Kong is establishing dominance in Hollow Earth. It's not clear about that at first because he appears to be running for his life from a pack of hyaena / wolf/ lizard... things. (*googles quickly*) I mean Death Jackals or is it Wartdogs? Pick a name guys. Kong looks trapped in a dead end, however, Kong is a Thinking Animal and has set up various traps, which either knock the creatures down a giant hole, or bury them under a landslide. Kong rips one in half over his head (Titan Guts!) as a show of triumph. After a follow up waterfall shower, Kong tries to eat in peace, but has part of his food stolen by... Doug. Kong is clearly getting up there in age, is lonely, and has a damaged tooth. His quick dash to check on what sounds like a roar of his species is, in fact, (and I am not making this up) an inflatable, multicolored Parrot Frog.
Awwwwwww. How sad.
Science Mom is back and delivers a huge exposition dump, to give us something to listen to while the credits roll.
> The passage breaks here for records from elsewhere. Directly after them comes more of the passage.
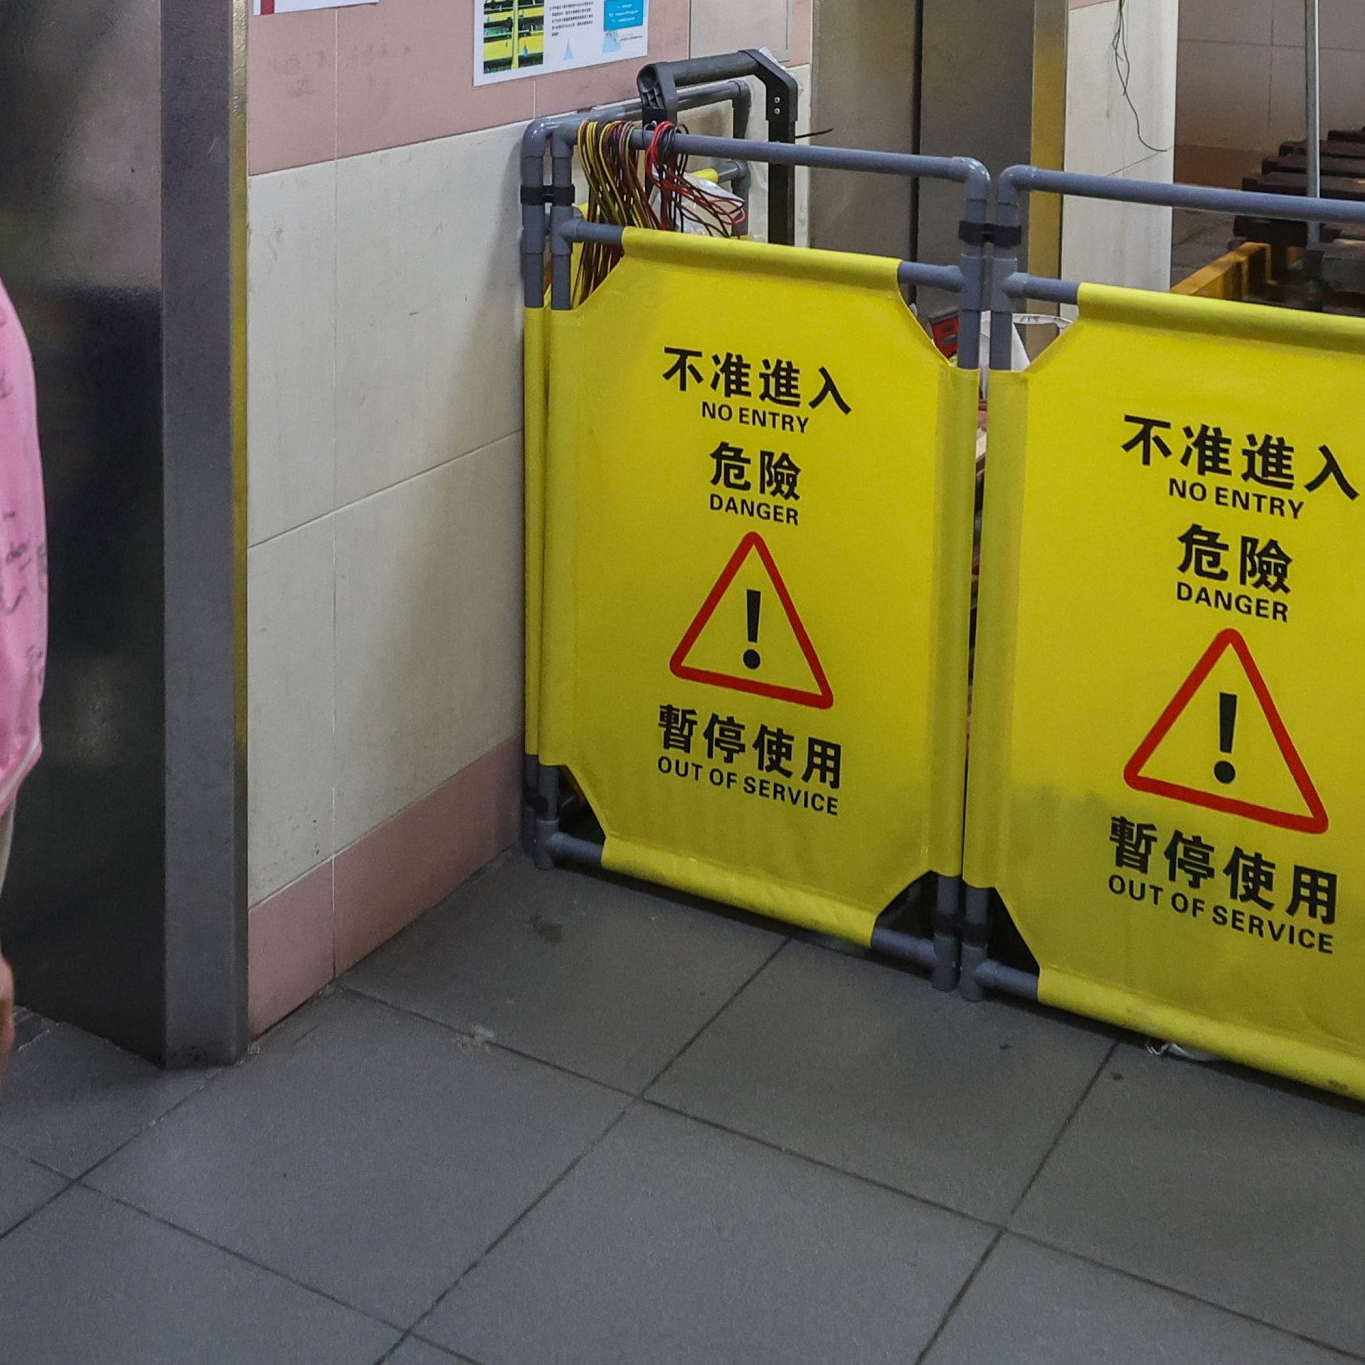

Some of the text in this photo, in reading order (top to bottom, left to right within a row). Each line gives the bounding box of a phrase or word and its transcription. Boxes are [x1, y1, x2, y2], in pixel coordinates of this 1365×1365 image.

[662, 346, 852, 415] 不准進入
[701, 401, 809, 434] NO ENTRY
[709, 441, 801, 502] 危險
[1121, 413, 1361, 502] 不准進入
[709, 493, 799, 526] DANGER
[1168, 477, 1305, 520] NO ENTRY
[1177, 523, 1293, 595] 危險
[1176, 582, 1290, 624] DANGER
[658, 703, 843, 790] 暫停使用
[657, 755, 839, 816] OUT OF SERVICE
[1109, 816, 1339, 927] 暫停使用
[1108, 874, 1335, 955] OUT OF SERVICE
Godzilla is maintaining his role as the King of Monsters, stopping Kumonga, sorry, stopping Scylla - the giant tentacle faced spider Titan- from smashing up Rome. Granted, The battle damages Rome quite a bit on its own, and Godzilla's finishing move coats a large swath of the city in spider-monster innards. (Titan Guts!) Having completed his duty, the Big G takes a nap in the Colosseum, because as we long suspected, Godzilla is Italian. (Loud, scary but good hearted, eats a lot, likes naps, protects those he considers "family," name ends in a vowel.)
Down in the Hollow Earth, the base (Outpost One) picks up a signal of Three Peaks while a giant sinkhole opens under Kong's pit trap. These will likely be important shortly.
Jia is back! Woo! She doesn't fit in well in school. (awww.) because she is the last of her tribe. (AWWWW) For reasons that won't be clear for a while, she draws the "Three Peaks" image on her desk.
(In the background we see one of the kids made a cardboard diorama of monsters on pyramids... hmmmmm.)
Science Mom has a rough parent teacher conference, and a rough chat with her daughter, but recognizes the Three Peaks. Unfortunately, the Hollow Earth Outpost One seems to be gone. There's just enough Science Mom and Jira heartfelt time to establish their bond, before we start to get bored and miss the monsters. Science Mom livens things up by asking Fun Conspiracy Guy for help, cementing the combination of entertaining members of Team Godzilla and Team Kong from the last go around. I miss Madison, but maybe she'll come back next time now that Stranger Things is done filming.
Godzilla wakes up and leaves the city with a purpose. Even though the route he takes is mostly through the river, it continues to be a bad day for Rome. Science Mom says everything will be fine, as long as Kong stays off the surface.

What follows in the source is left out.